Intraday Market Thoughts

Risk Rocked Ahead of NFP

by Adam Button
Sep 3, 2020 22:42

The weight of a months-long one-way rally in equities finally became too heavy to carry for the bulls on Thursday as equities were hit by a sharp selloff. When correlations break, trends reverse. The yen was the top performer while the kiwi lagged. The US and Canada August jobs reports are due up next. Below is Thursday's Premium Video, making the case for a pre-trade. 

We have been highlighting the breakdown in correlations this week as the US dollar reversed alongside Treasury yields. We also highlighted the ugly reversals Wednesday in shares of Apple and Tesla. Ashraf is comparing Wednesday's bearish outside day candle on Apple to the Dax30's candle on Thursday. 

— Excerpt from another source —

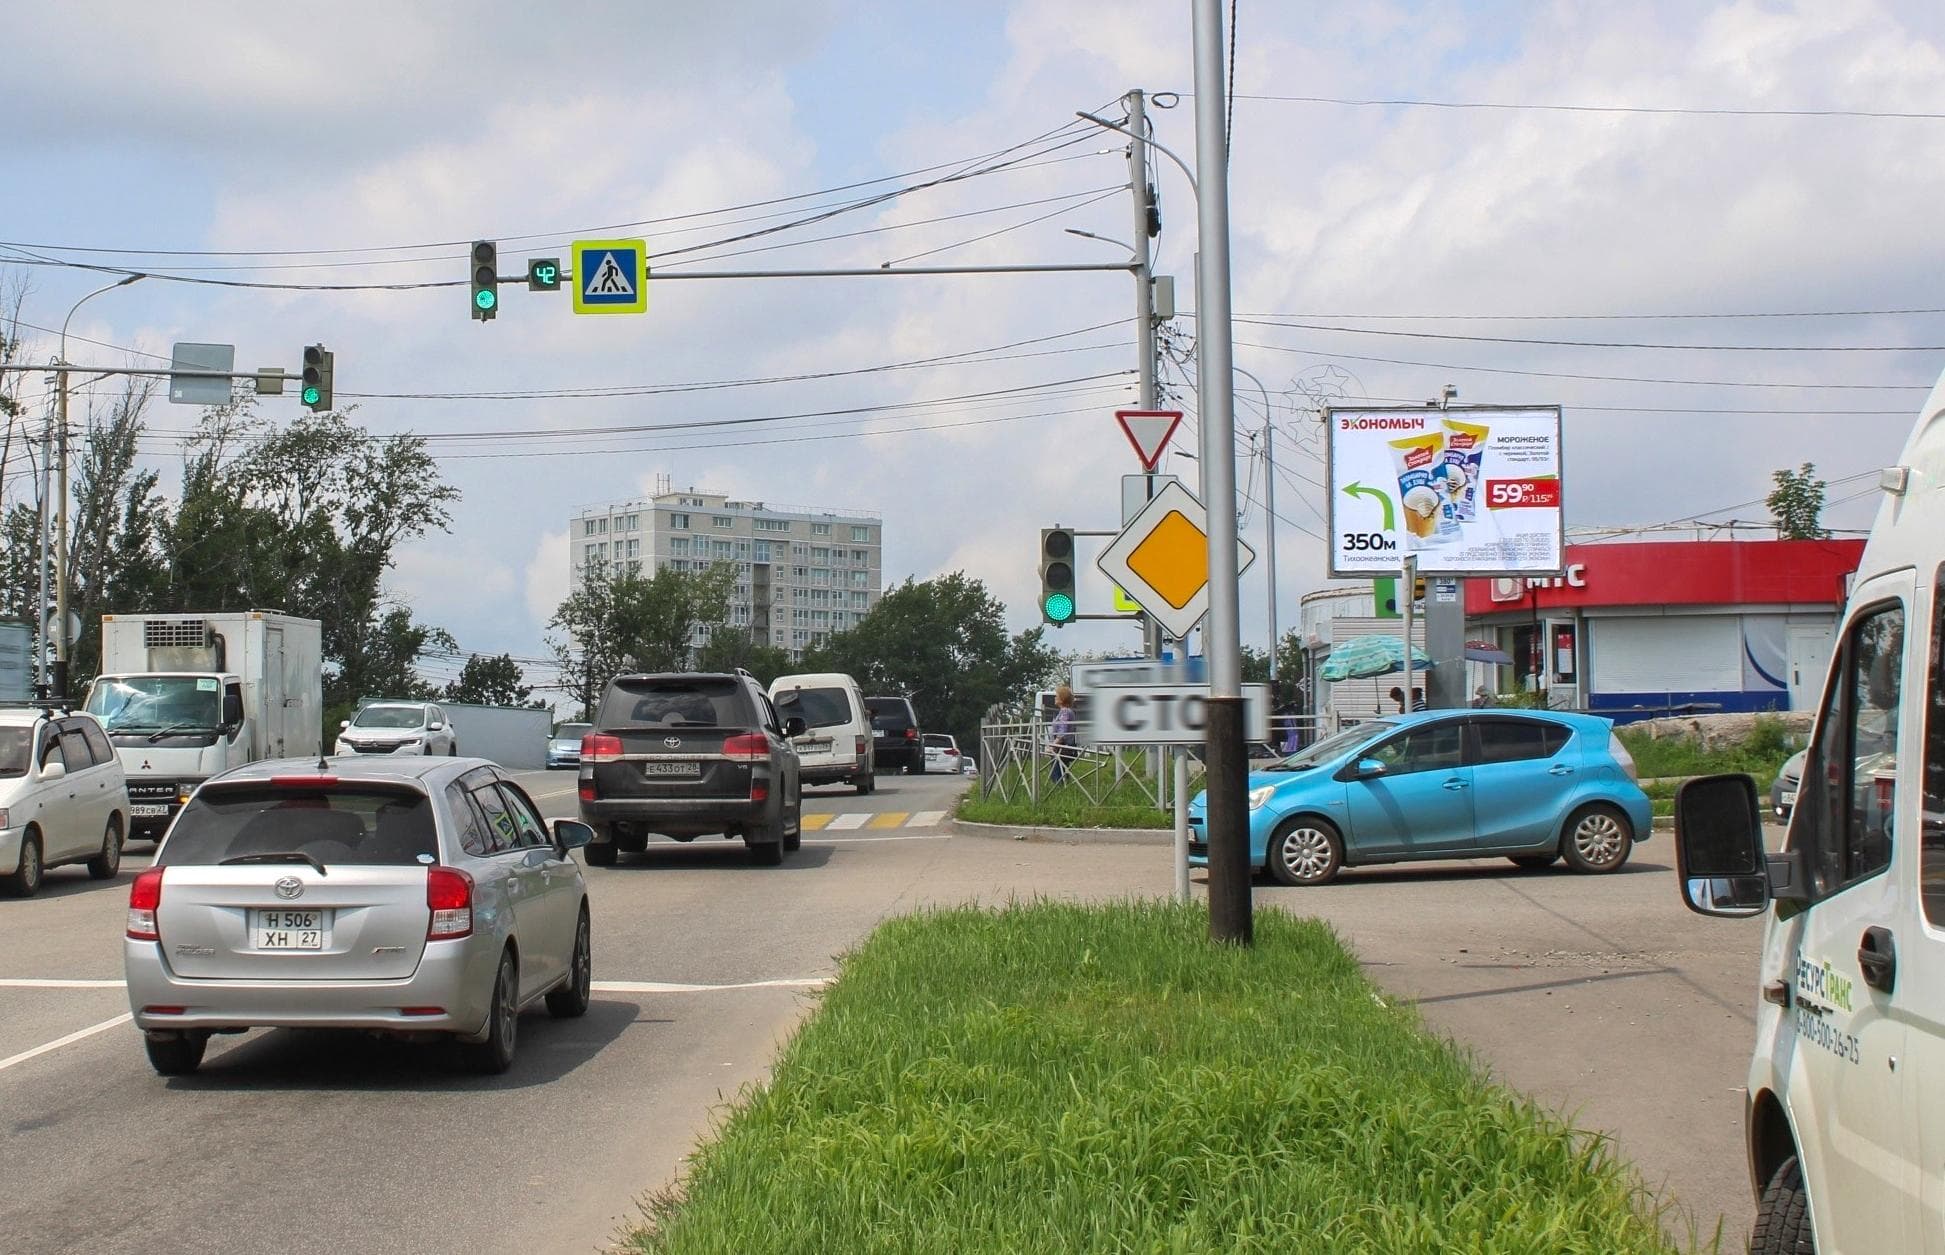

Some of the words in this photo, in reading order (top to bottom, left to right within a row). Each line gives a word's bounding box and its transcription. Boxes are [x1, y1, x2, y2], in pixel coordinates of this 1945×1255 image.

Those were crucial signs indicating that trouble was coming. Of course, there are always negative signs in a bull market and the timing of a break is always murky. At best, the risk-reward to the downside this week was increasingly tilted negatively but there was no 'trigger' on Thursday.

Weekly jobless claims at 881K compared to 950K were better than expected, though that was likely due to a new method of seasonal adjustments. Unadjusted claims and total ongoing claims were both higher on the week. The ISM services index had a fractional miss at 56.9 vs 57.0 expected. There was no knee-jerk move on either.

Instead it was a soft open to equities that cascaded as high-flying tech stocks fell. A rush to the exits was compounded by a rush into instruments like SQQQ (ultra-short tech) that traded at extremely high volumes. While the world has been infected by COVID-19, the market has been overcome with speculation and leverage. A pattern of easy money driving up equities followed by swift corrections is becoming increasingly clear.

Outside of stock markets, the price action was much less dramatic and that's an upbeat signal. EUR/USD finished the day flat after an early drop. The commodity currencies fell, but only in the 60-80 pip range. Notably, several risk-sensitive EM currencies like MXN and BRL finished higher on the day.

Outside of FX, the bond market was also well-behaved.

Looking ahead, the US is expected to add 1350K jobs in August. About a fifth of those jobs will be due to temporary census hiring but the seasonal risk is from teachers. Many schools delaying the reopening could compound the usual seasonal adjustment lower. Expect the market to focus on the details.

The Canadian jobs report is also due and forecast to show a +250K net change.